» **Work to complete**
All entries are to be reproduced exactly; the pictures are to be omitted.

Records drawn from a dataset:
§

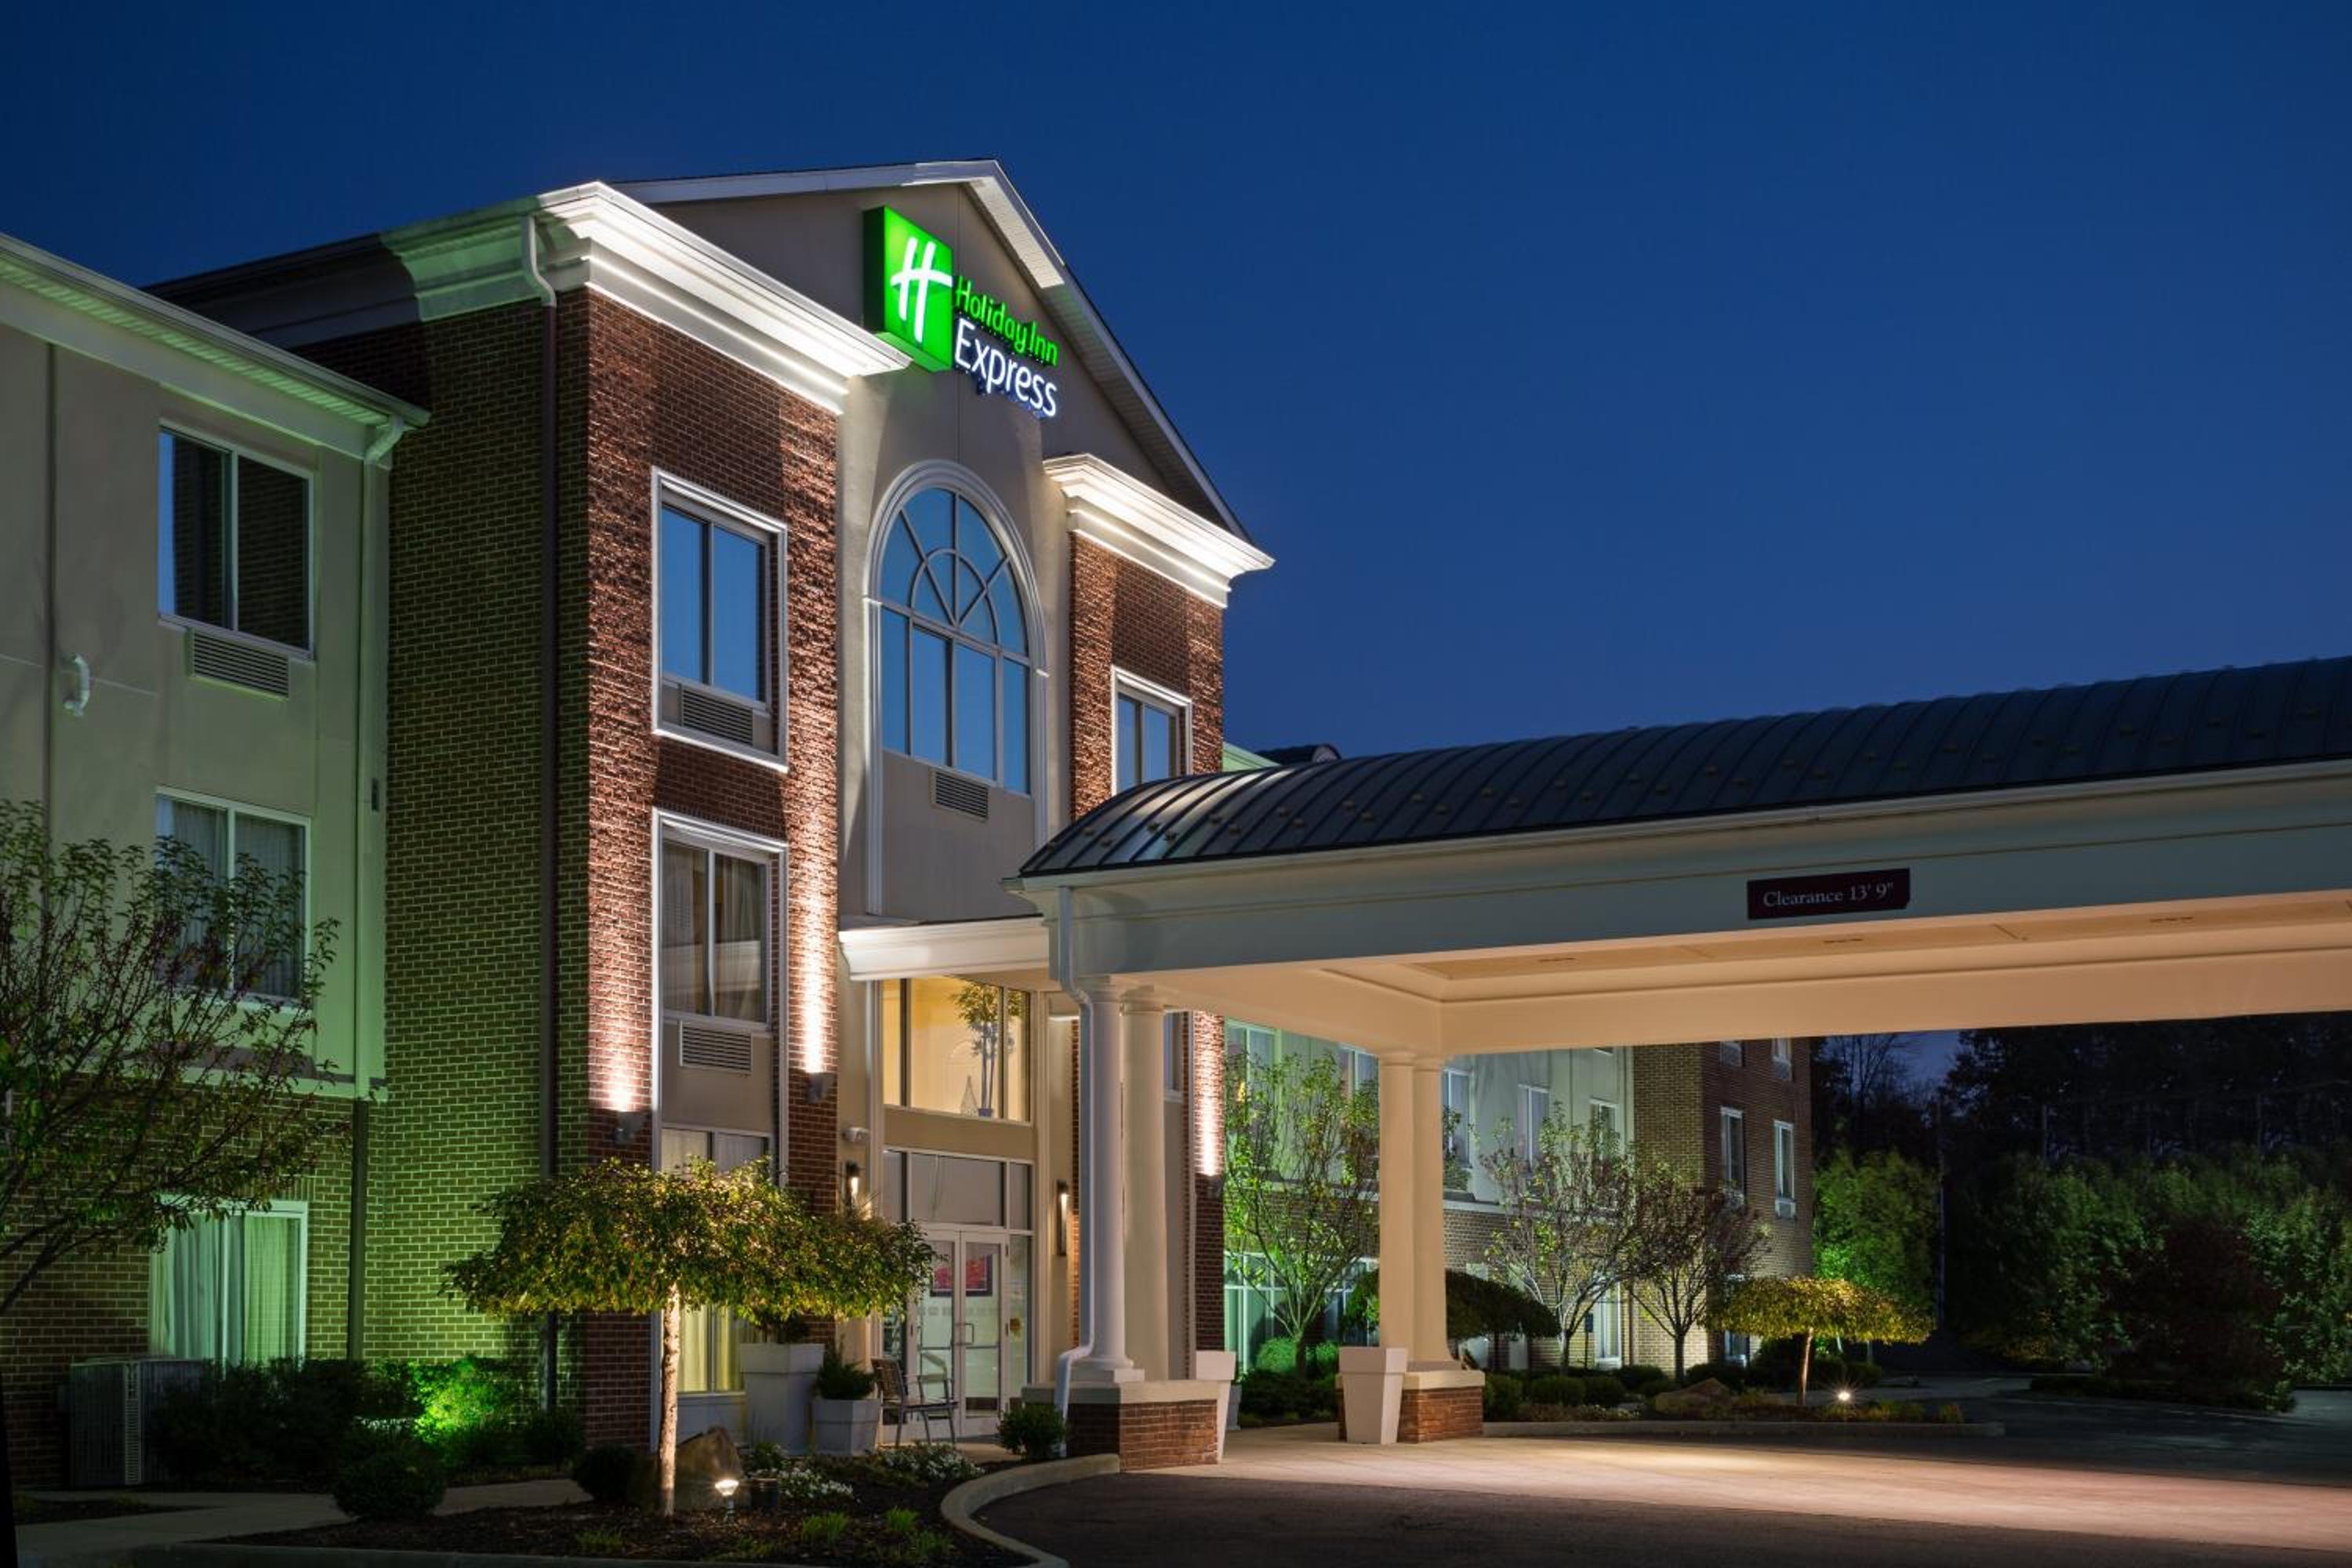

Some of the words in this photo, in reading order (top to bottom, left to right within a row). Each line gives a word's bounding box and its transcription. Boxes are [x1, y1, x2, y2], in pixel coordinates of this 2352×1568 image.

[955, 275, 1027, 354] Holiday
[1028, 321, 1058, 366] Inn
[954, 318, 1058, 417] Express
[1763, 891, 1843, 907] Clearance

§

» **Reply**
Some of the words in this photo, in reading order (top to bottom, left to right within a row). Each line gives a word's bounding box and its transcription. Boxes are [x1, y1, x2, y2], in pixel coordinates of this 2352×1568 image.

[955, 275, 1027, 354] Holiday
[1028, 321, 1058, 366] Inn
[954, 318, 1058, 417] Express
[1763, 891, 1843, 907] Clearance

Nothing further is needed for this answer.